Por eso llamé a mi amiga Sofie y le dije:

—¡Vámonos a Nápoles a pasar el día y a comernos una pizza!

Inmediatamente, en cuestión de horas, estamos en el tren y de repente —como por arte de magia— ya hemos llegado. Nápoles me gusta desde el primer momento. Precisamente por lo salvaje, estridente, sucia y desvergonzada que es. Un hormiguero metido en una madriguera, todo el exotismo de un bazar de Oriente Medio con un toque del vudú de Nueva Orleans. Un manicomio desquiciado, peligroso y jaranero. Mi amigo Wade vino a Nápoles en la década de 1970 y lo atracaron... en un museo. La ciudad entera está decorada con la ropa que cuelga de todas las ventanas y ondea en todas las calles; las camisetas y los sujetadores recién lavados de todo el mundo aletean al viento como las banderolas místicas de los tibetanos. No hay en todo Nápoles una sola calle sin un muchachote de pantalón corto y calcetines desparejados berreando desde abajo a otro gamberro subido a un tejado. Como no hay un solo edificio en toda la ciudad sin al menos una anciana enclenque atisbando recelosa desde su ventana todo cuanto sucede en la calle.

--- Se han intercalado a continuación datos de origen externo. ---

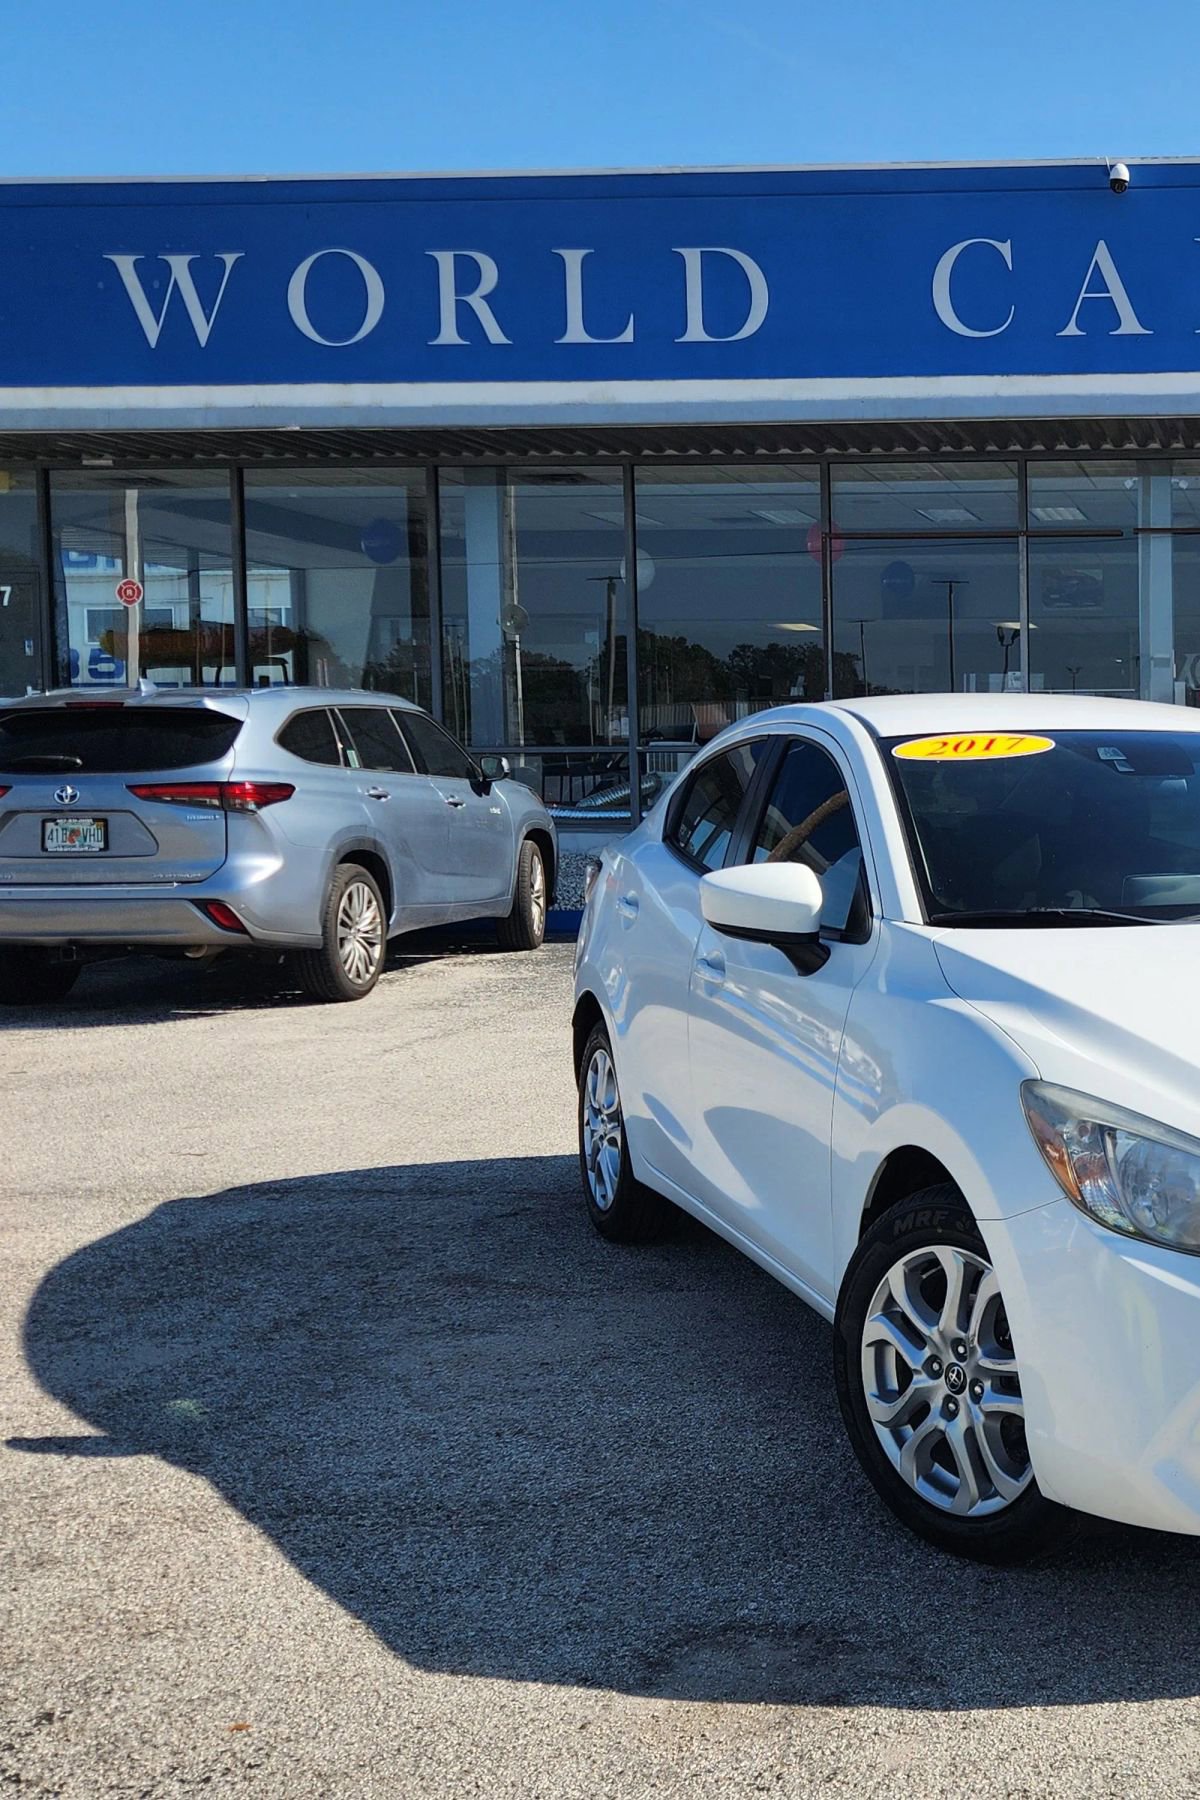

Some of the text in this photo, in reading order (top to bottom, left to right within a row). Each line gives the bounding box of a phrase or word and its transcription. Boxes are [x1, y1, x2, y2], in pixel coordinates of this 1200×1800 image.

[102, 247, 769, 350] WORLD
[926, 737, 1026, 756] 2017
[893, 1209, 950, 1237] MRF

Todos ellos están increíblemente sintonizados con su ciudad ¿y por qué no iban a estarlo? Ésta es la ciudad que nos dio no sólo la pizza, sino también el helado. Las mujeres napolitanas, en concreto, son un tropel de señoras gritonas, malhabladas, generosas y entrometidas que te mangonean, se cabrean y siempre te la arman, pero resulta que sólo quieren ayudarte; por Dios, ¿es que nadie ve lo hartas que están de cargar ellas con todo, todo, todo? El acento de Nápoles es como un golpe burlón en la oreja. Es como pasearse por una ciudad llena de camareros de barra, todos desgañitándose a la vez. También conservan un dialecto propio y tienen un diccionario líquido del efervescente argot local pero, por algún motivo, los napolitanos son los italianos con los que mejor me entiendo. ¿Por qué será? Pues porque ellos quieren que los entiendas, maldita sea. Hablan en voz alta y enfáticamente y, si no consigues entenderlos por lo que les sale de la boca, puedes acabar deduciéndolo por el gesto. Como esa colegiala canija que iba de paquete en la moto de su primo y que me dedicó un gesto obsceno con la mano —eso de enseñar el dedo central— mientras me sonreía encantada, como diciendo: «Eh, que no pasa nada, señora. A mis 7 años ya puedo decirte que eres una imbécil total, pero, tranqui, que no estás mal del todo y, aunque tengas cara de lerda, me caes bien. Las dos sabemos que te encantaría ser como soy yo, pero lo siento, es imposible. Así que trágate mi chulería del dedo, que te diviertas en Nápoles y ¡ciao!».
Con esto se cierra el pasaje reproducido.